We are looking forward to their presentations and hope others are as well!

Coptic NLP pipeline Part 2

With the creation of the Coptic NLP (Natural Language Processor) pipeline by Amir Zeldes, it is now possible to run all our NLP tools simultaneously without the need to individually download and run them. The web application will tokenize bound groups into words, and will normalize the spelling of words and diacritics. It will also tag for part-of-speech, lemmatize, and tag for language of origin for borrowed (foreign) words. The interface is XML tolerant (preserves tags in the input) and the output is tagged in SGML. One of the options is to encode the lines breaks in a word or sentence which is useful for encoding manuscripts. However, keep in mind to double check results because the interface is still in the beta stage.

As an example, the screenshot below is a snippet from I See Your Eagerness from manuscript MONB.GL29.

 

1.1

Notice it contains an XML tag to encode a letter as “large ekthetic”. “Large ekthetic” corresponds to the alpha letter to designate it as a large character in the left margin of the manuscript’s column of text.  This tag will be preserved in the output.

2

The results are shown above. Bounds group are shown and along with the part of speech tag abbreviated as “pos”. The snippet from I See Your Eagerness has also been lemmatized, shown as “lemma”. Also, near the bottom of the screenshot, the language of origin of borrowed (foreign) words in the snippet has been identified as “Greek”.  These tags also correspond to the annotation layers you see in our multi-layer search and visualization tool ANNIS.
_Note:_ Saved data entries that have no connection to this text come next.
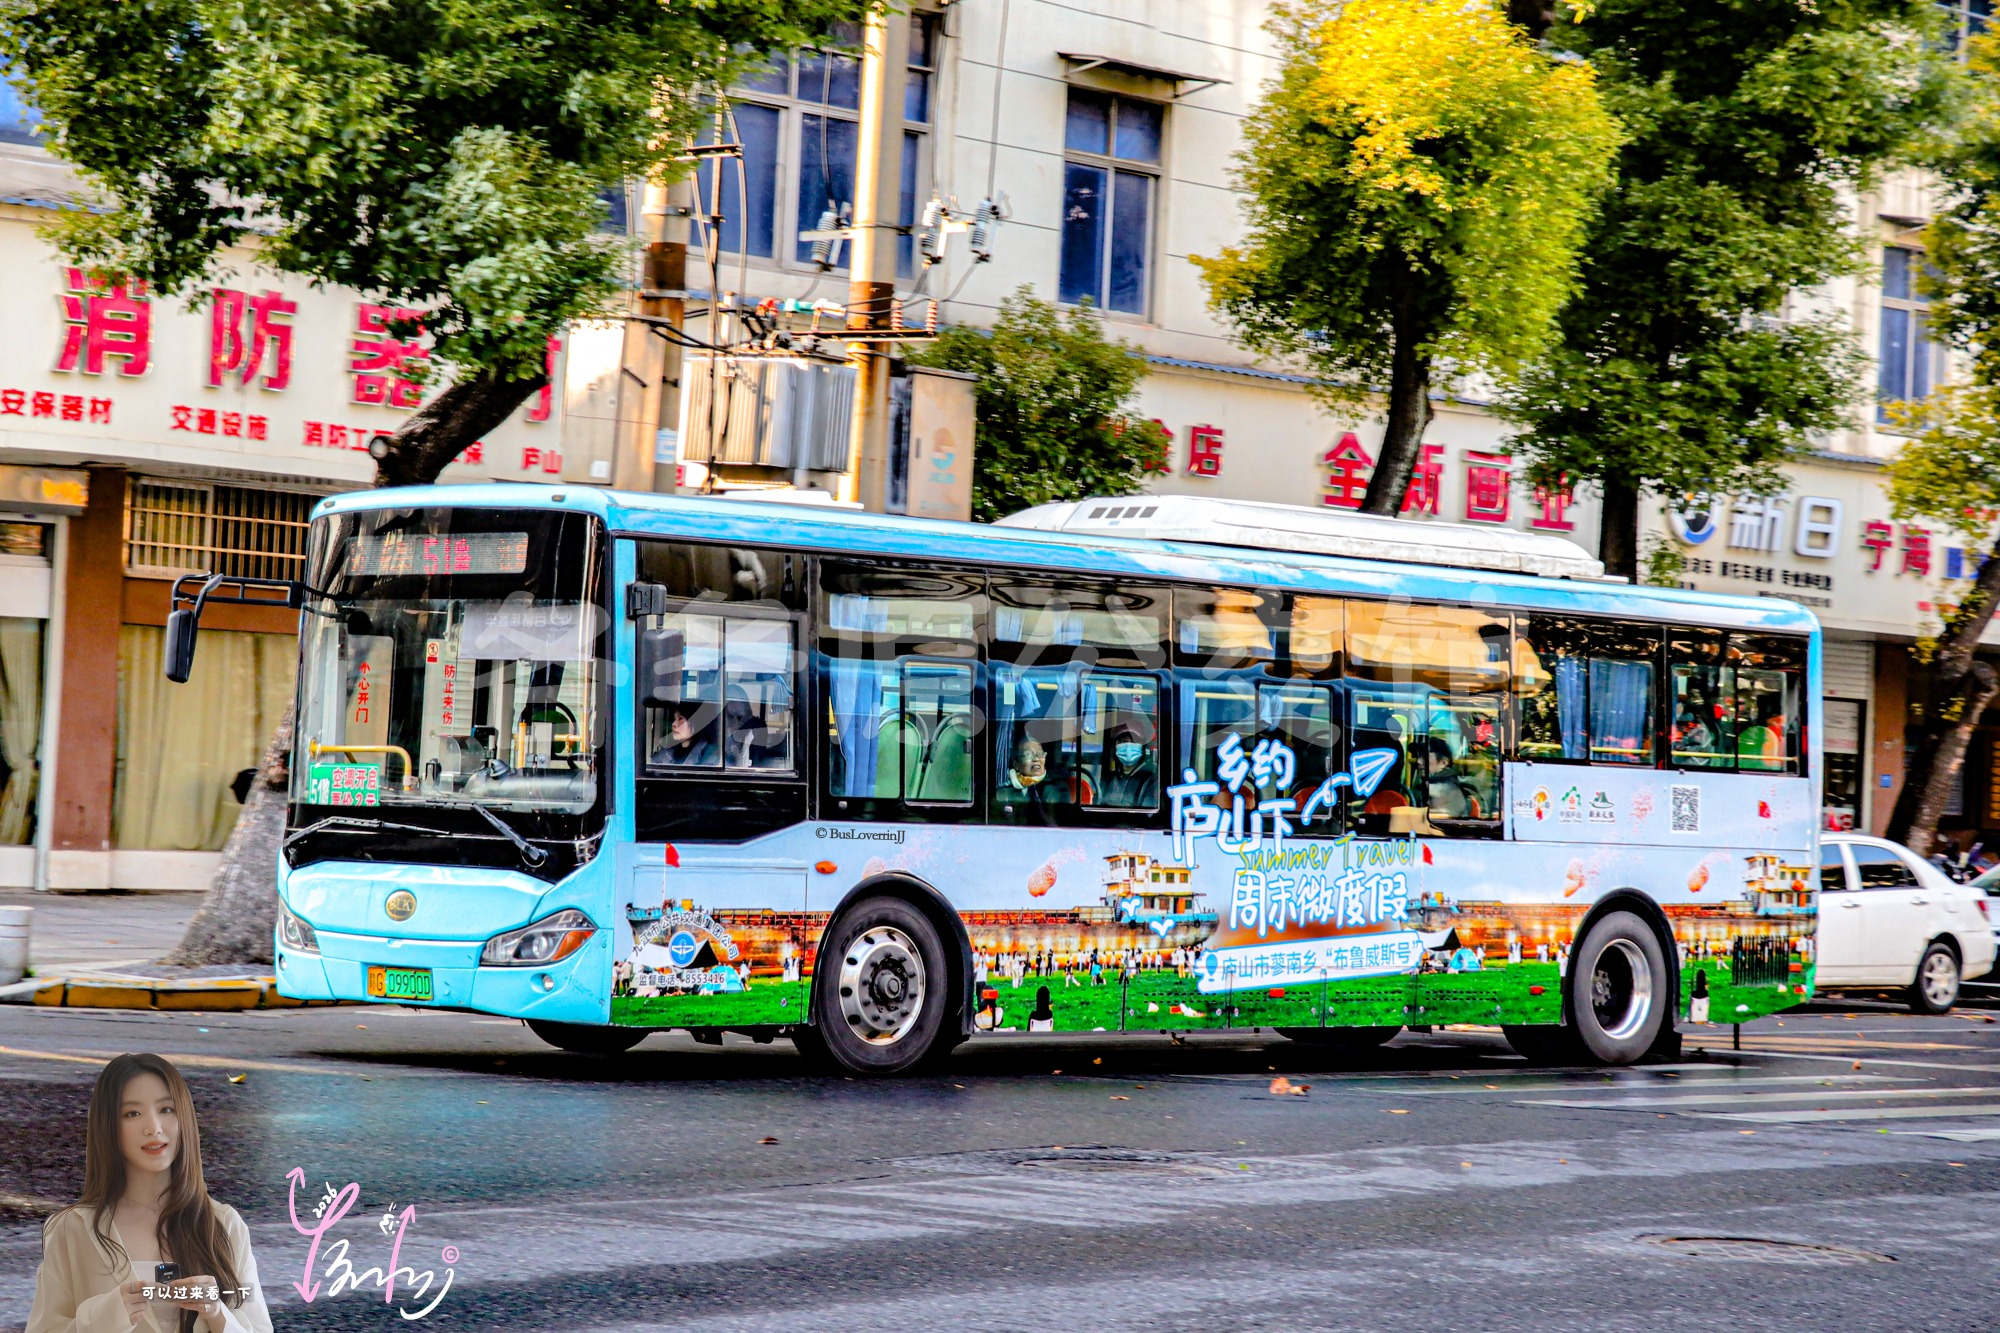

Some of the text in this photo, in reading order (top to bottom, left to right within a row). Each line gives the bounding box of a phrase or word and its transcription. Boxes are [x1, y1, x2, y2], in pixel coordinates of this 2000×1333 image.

[1, 388, 113, 425] 安保器材
[170, 404, 269, 442] 交通设施
[355, 660, 371, 724] 小心开门
[442, 663, 456, 725] 防止夹伤
[332, 768, 377, 790] 空调开启
[1229, 868, 1411, 938] 周末微度假
[631, 911, 739, 960] 九江市公共交通集团公司
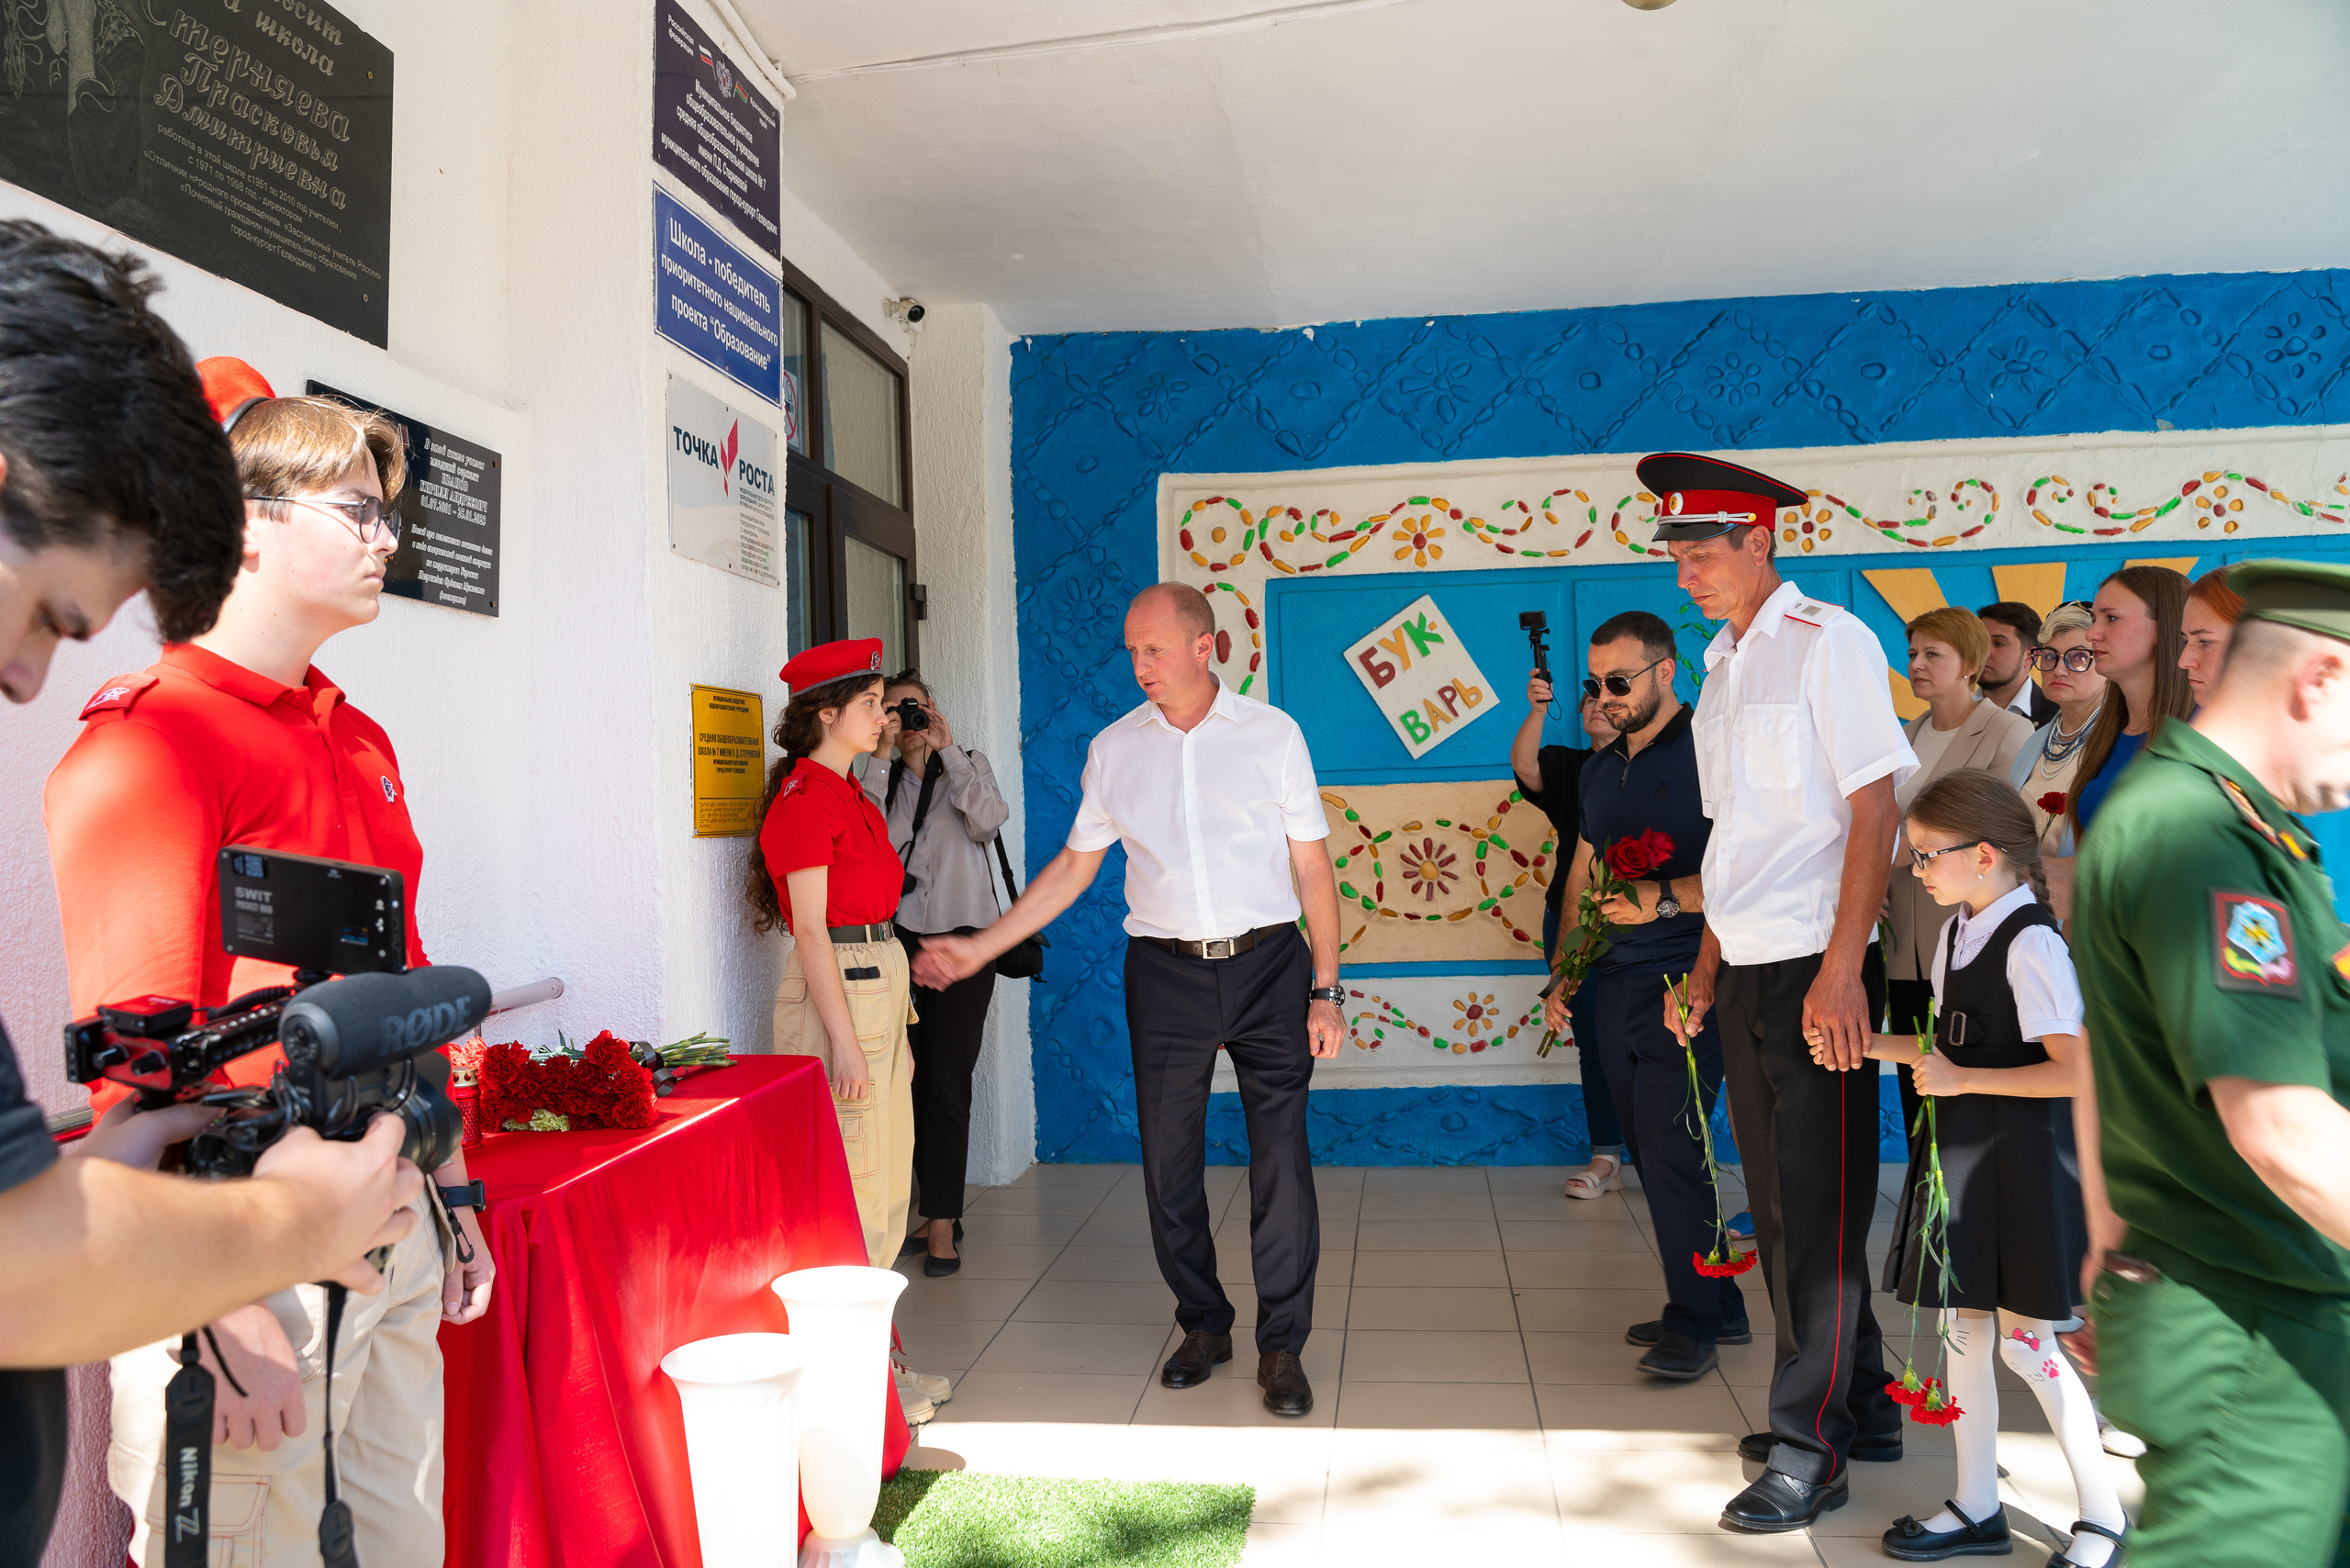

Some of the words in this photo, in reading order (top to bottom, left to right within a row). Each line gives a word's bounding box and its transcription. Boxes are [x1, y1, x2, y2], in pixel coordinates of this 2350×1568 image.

[255, 10, 334, 76] школа
[153, 73, 347, 210] Дмитриевна
[180, 52, 338, 172] Прасковья
[157, 124, 196, 151] работала
[197, 146, 203, 155] в
[204, 150, 221, 165] этой
[222, 160, 246, 179] школе
[279, 190, 296, 207] 2010
[296, 201, 308, 215] год
[188, 156, 194, 164] с
[196, 158, 213, 175] 1971
[215, 170, 225, 181] по
[245, 186, 258, 201] год
[262, 196, 303, 224] директором
[661, 131, 701, 174] муниципального
[700, 164, 730, 197] образования
[189, 173, 229, 200] народного
[331, 248, 357, 267] учитель
[224, 206, 263, 232] гражданин
[263, 226, 318, 260] муниципального
[669, 217, 707, 266] Школа
[714, 257, 771, 314] победитель
[661, 252, 722, 308] приоритетного
[723, 297, 778, 347] национального
[671, 294, 709, 332] проекта
[423, 437, 431, 450] В
[673, 425, 720, 470] ТОЧКА
[441, 472, 469, 493] ИВАНОВ
[739, 458, 776, 497] РОСТА
[1398, 677, 1483, 745] ВАРЬ
[234, 885, 274, 903] SWIT
[178, 1446, 199, 1509] Nikon
[174, 1506, 200, 1544] Z
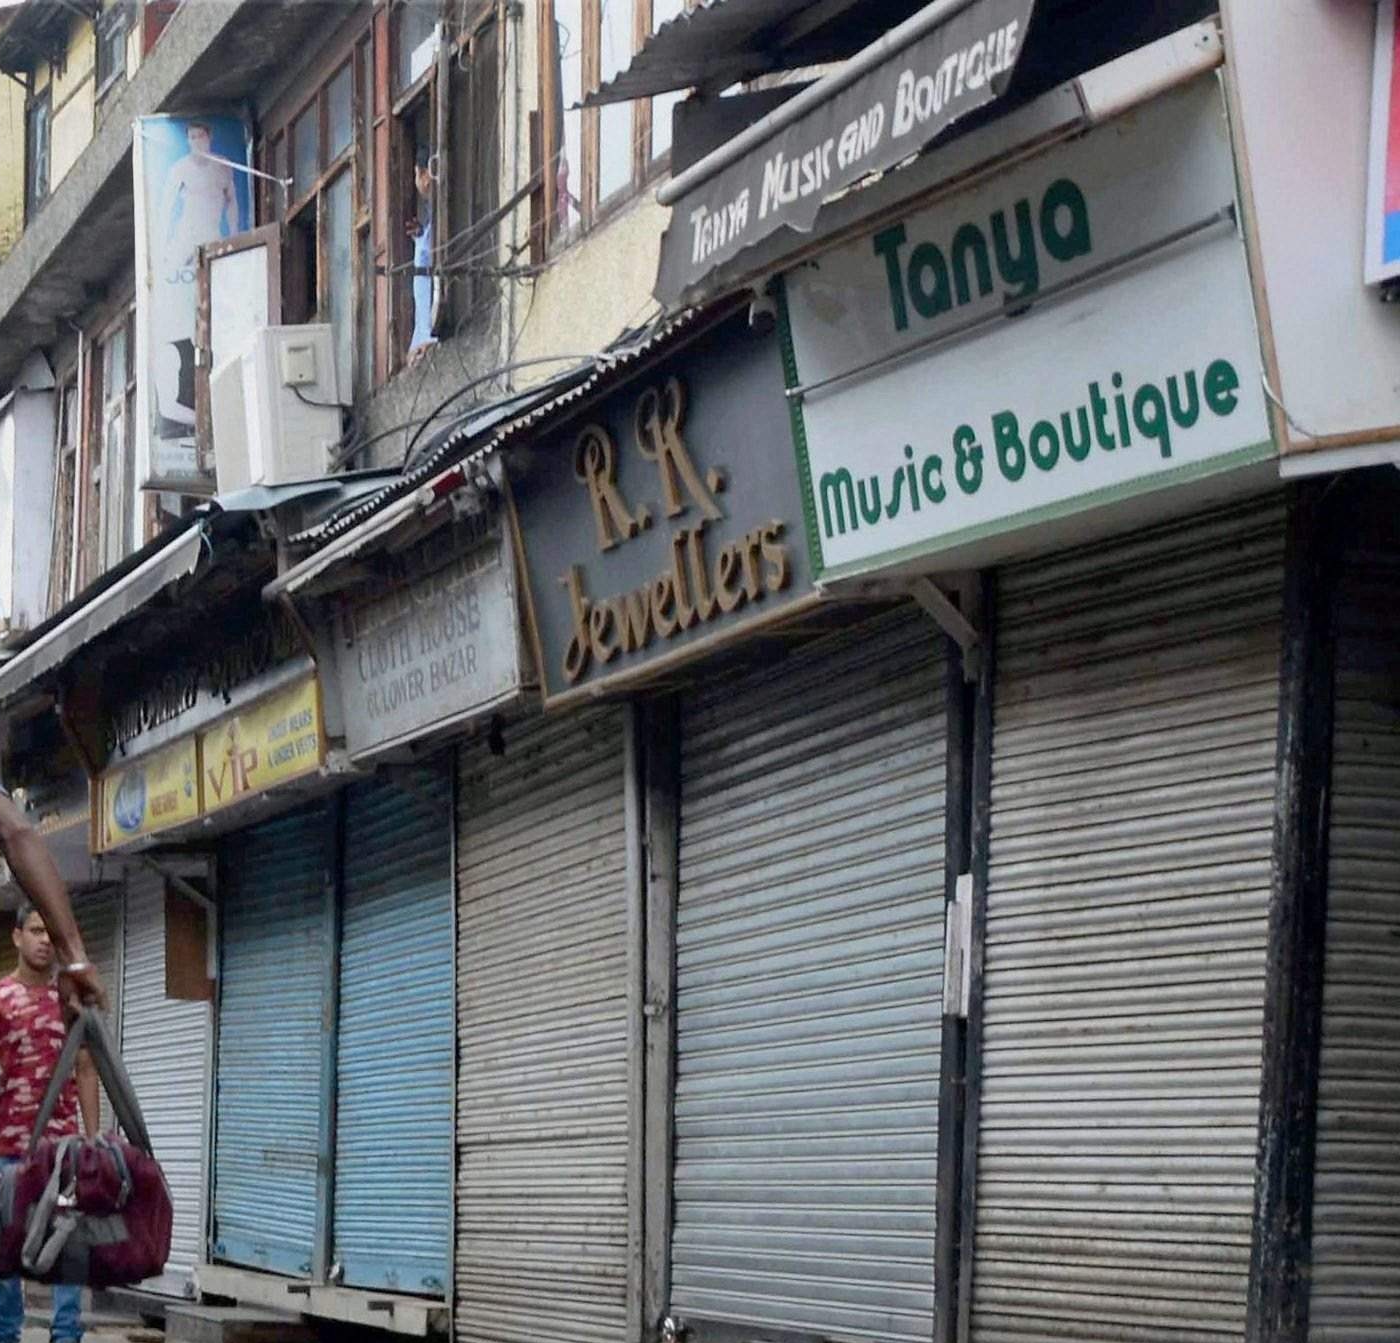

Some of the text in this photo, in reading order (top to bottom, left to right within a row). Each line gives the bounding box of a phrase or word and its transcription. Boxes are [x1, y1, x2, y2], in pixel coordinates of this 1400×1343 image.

We hope the NLP service serves you well.

 

Introducing the Lemmatizer Tool

A new tool available at the Coptic SCRIPTORIUM webpage is the lemmatizer. The lemmatizer annotates words with their dictionary head word. The purpose of lemmatization is to group together the different inflected forms of a word so they can be analyzed as a single item.

For example, in English, the verb ‘to walk’ may appear as ‘walk’, ‘walked’, ‘walks’, and ‘walking’. The base form, ‘walk’, might be the word to look up in the dictionary, and it would be called the lemma for the word.

In Coptic, plural nouns sometimes have different forms, and verbs have different forms.  A lemmatized corpus is useful for searching all the forms of a word and also if you want to link all the forms of a word to an online dictionary for future use.

Two of the corpora we have are annotated with lemmas: Not because a fox barks (Shenoute) and the Apophthegmata. As illustrated in the image below, I have searched for ⲟⲩⲱϩ, to live or dwell.

1

Also note that in the corpus list, I have chosen to look in the corpus ‘Not Because a Fox Barks’, as indicated by the highlighted blue selection.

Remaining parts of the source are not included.